Friday, July 6, 2007

Final Project

Background Notes for Final Project: a closer look at the dominant narrative

The best way I can think of to examine the dominant narrative of Latvian-American identity more closely is to recount my own family’s immigration to and experience in this country. I’m so intimately involved with my community and have so many friends, relatives, teachers, and acquaintances who’d tell the same story - that I know, beyond a shadow of a doubt, that my family’s experience (for my current purpose, anyways) is very much theirs.

This essay doesn’t allow me enough time to delve into earlier history (a shame because it is relevant and I can’t imagine anyone would know much about such a small backwater of Europe) so I’ll have to pick up with my grandparents as young adults, not long before they fled. If you’d like to learn more, the following Web sites are a good start (best I could find in English):

http://www.li.lv/en/?id=83 (Latvian Institute’s Brief History of Latvia)
http://en.wikipedia.org/wiki/History_of_Latvia (Wikipedia version)

Let me just say that if you did look at these details, you’d find that the appearance (mid 19th century) of a “Latvian identity” via the “Tautas Atmoda” movement – lit. “National Awakening” or of a region/nation called Latvia was, clearly, very much a construction in its own right. One highly motivated by political objectives - in this case 2nd class citizen peasants rallying to control the fruits of their labor by elevating the status of their 2,000 year old somewhat-in-common heritage from what their German and Russian masters referred to as that “sudu valoda” - lit. “shit language/culture”.

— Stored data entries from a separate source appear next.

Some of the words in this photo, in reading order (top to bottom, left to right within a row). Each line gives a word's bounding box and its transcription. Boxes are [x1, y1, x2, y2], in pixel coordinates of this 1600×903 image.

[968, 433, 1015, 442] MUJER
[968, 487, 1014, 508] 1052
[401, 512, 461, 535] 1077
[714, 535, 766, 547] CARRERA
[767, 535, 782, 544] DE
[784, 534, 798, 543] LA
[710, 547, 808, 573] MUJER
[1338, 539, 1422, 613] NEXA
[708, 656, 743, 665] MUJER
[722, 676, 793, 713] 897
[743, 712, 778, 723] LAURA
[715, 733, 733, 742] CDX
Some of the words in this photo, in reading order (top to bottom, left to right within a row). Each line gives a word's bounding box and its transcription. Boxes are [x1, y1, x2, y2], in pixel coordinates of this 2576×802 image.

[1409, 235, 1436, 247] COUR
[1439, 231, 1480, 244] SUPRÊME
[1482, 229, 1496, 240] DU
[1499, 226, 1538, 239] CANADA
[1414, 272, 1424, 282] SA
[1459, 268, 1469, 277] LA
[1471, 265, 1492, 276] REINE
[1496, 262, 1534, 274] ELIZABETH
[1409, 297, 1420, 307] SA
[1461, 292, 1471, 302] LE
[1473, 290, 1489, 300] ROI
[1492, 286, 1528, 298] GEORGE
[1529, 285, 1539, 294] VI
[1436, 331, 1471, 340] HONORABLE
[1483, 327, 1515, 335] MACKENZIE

The most accessible (because their stories will be more familiar to you – a mandatory part of any European history class) analogy might be the development of Italian identity. Before the 19th century, of course, there wasn’t really an Italy or Italians in the way we think of these peoples/places now.

They hadn’t been invented yet because at this time Italy was a loosely organized collection of duchies ruled by various foreign powers. The idea of an Italian national identity was created by a small group of aristocrats and middle class merchants who worked to popularize the notion until it was finally realized by the hero-general unifier Giuseppe Garibaldi: http://encarta.msn.com/encyclopedia_761580632/Italian_Unification.html.

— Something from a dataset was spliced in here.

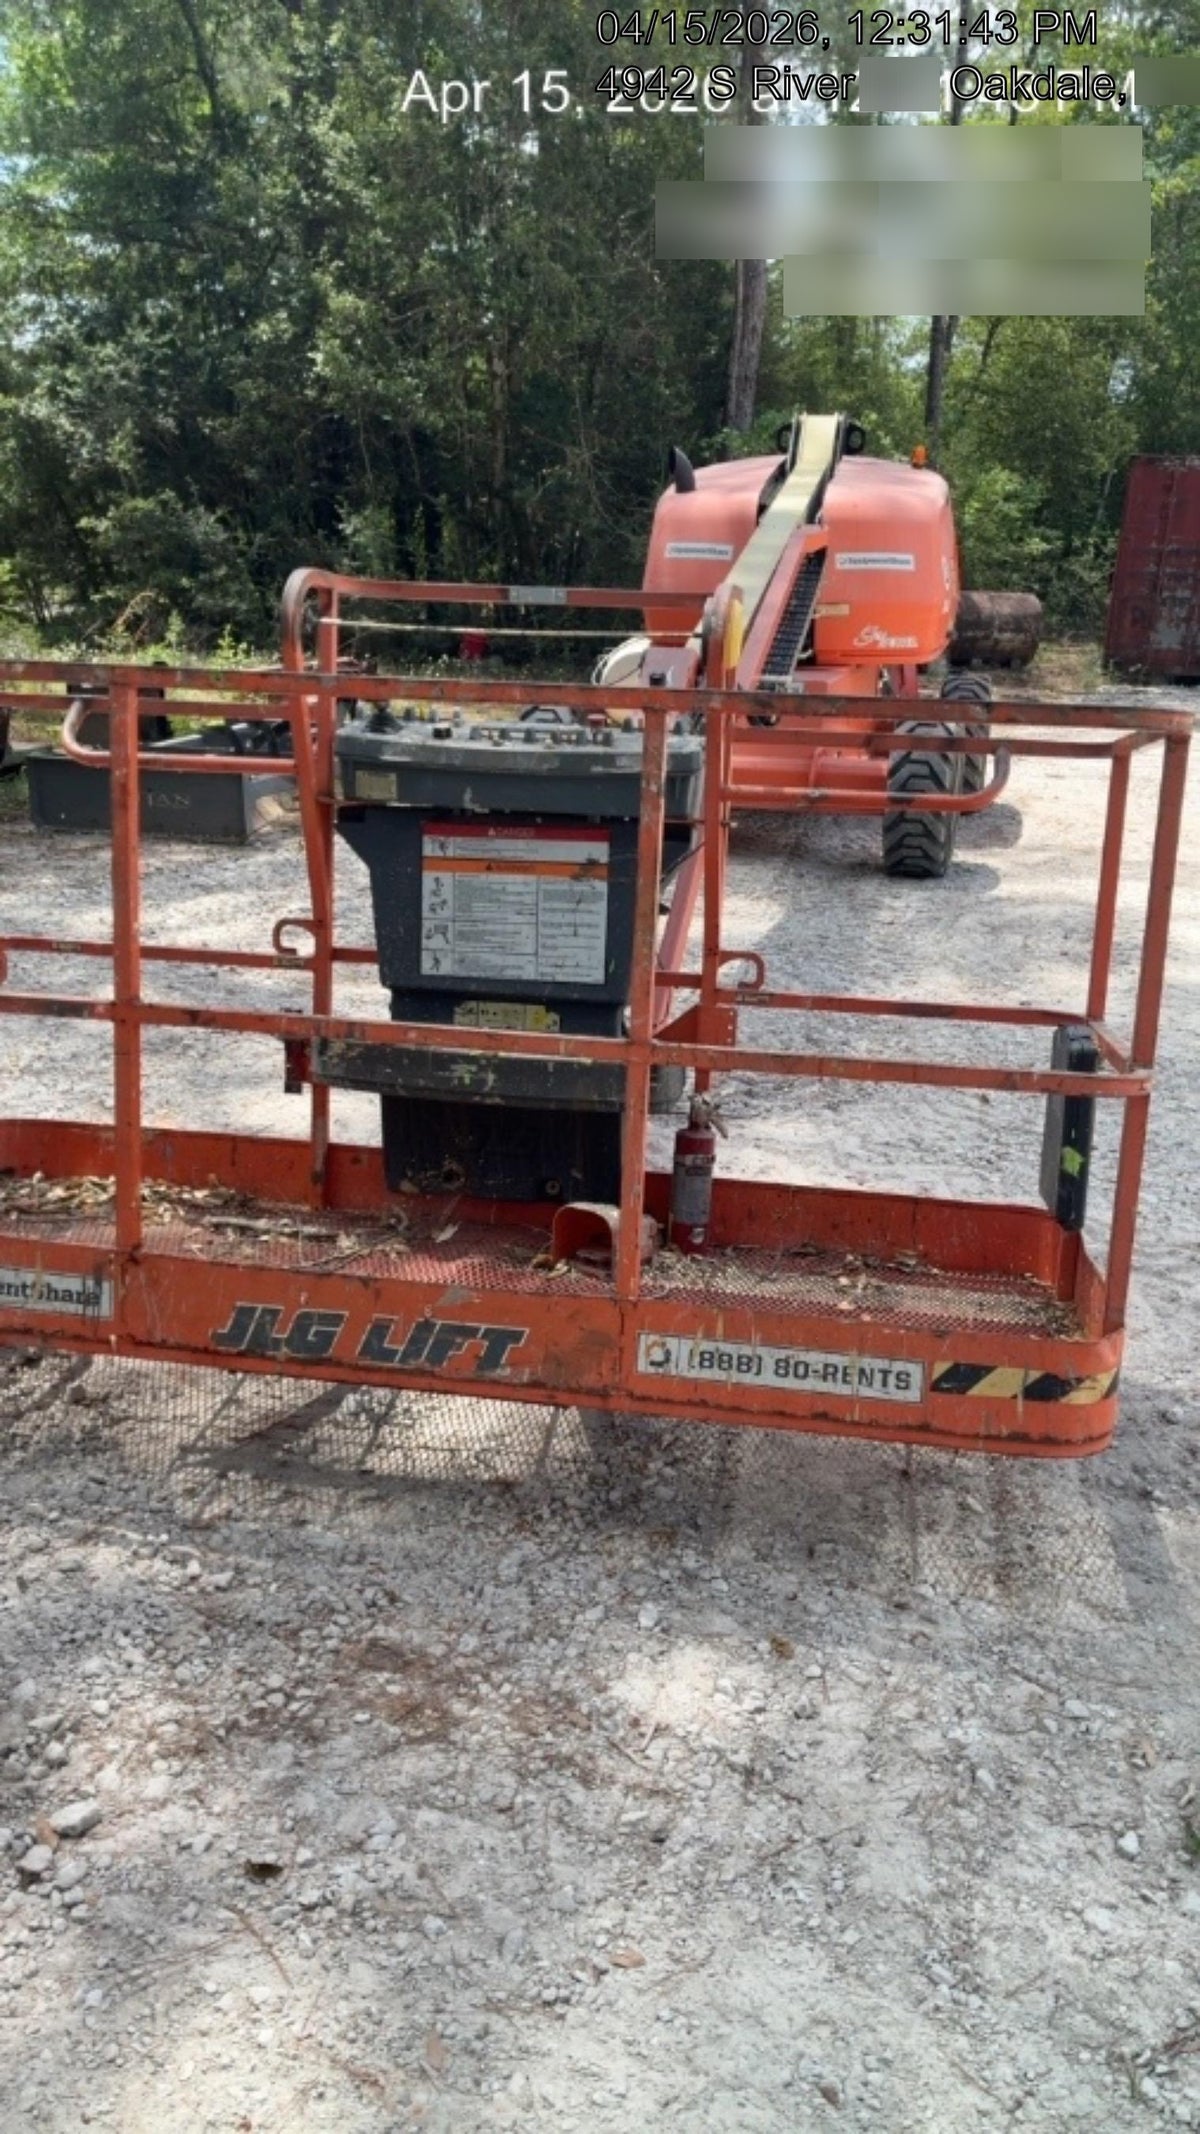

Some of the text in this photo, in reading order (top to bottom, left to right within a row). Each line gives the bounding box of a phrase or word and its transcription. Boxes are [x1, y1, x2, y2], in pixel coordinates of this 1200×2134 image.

[210, 1301, 529, 1374] JLG LIFT
[688, 1348, 911, 1391] (888) 80-RENTS

Most European nations have followed this model to greater or lesser degrees at some point in their histories. The point is, the foundations of this constructed identity (dominant narrative) are themselves constructions deeply rooted in political objectives…

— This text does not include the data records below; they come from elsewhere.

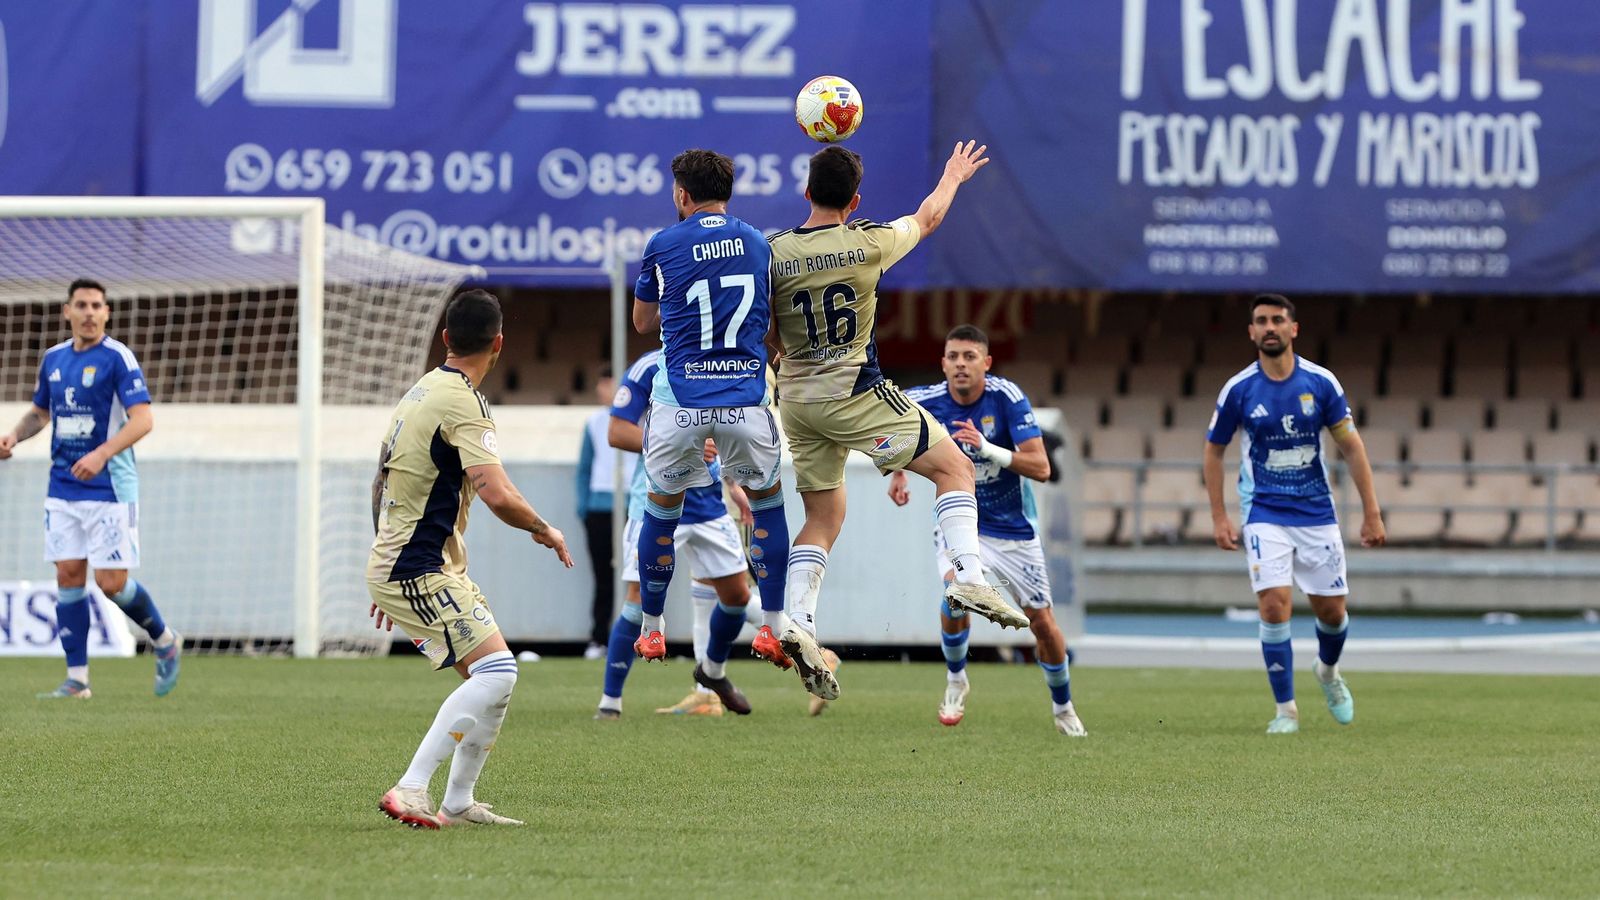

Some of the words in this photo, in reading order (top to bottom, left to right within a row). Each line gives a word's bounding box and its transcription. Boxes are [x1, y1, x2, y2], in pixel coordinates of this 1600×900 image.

[516, 4, 797, 78] JEREZ
[606, 87, 702, 119] .com
[1118, 111, 1300, 187] PESCADOS
[1314, 113, 1344, 187] Y
[1357, 111, 1542, 188] MARISCOS
[275, 148, 351, 191] 659
[362, 150, 434, 193] 723
[444, 151, 513, 194] 051
[588, 153, 664, 195] 856
[1152, 196, 1253, 220] SERVICIO
[1255, 197, 1273, 219] A
[1385, 198, 1486, 221] SERVICIO
[1487, 198, 1505, 220] A
[692, 237, 745, 263] CHUMA
[1386, 225, 1508, 250] DOMICILIO
[773, 258, 801, 278] IVAN
[806, 247, 867, 274] ROMERO
[685, 273, 757, 351] 17
[790, 281, 858, 350] 16
[700, 358, 761, 373] JIMANG
[692, 407, 746, 427] JEALSA
[434, 587, 462, 613] 4

In the late 1930’s, when my Latvian grandparents wed, they were simple farmers working small plots of land in Latvia’s middle-country, where their families had likely lived and raised crops, cows, sheep, and bees since ancient times.

All Latvian farms have a place name, typically having to do with something from the natural world, and my grandmother lived in Antuzi (name’s so ancient and archaic not even my great-aunts know what it means) with her sisters and mum, while my grandfather lived in Berzaune (Little Birch Stand) with his sisters and parents.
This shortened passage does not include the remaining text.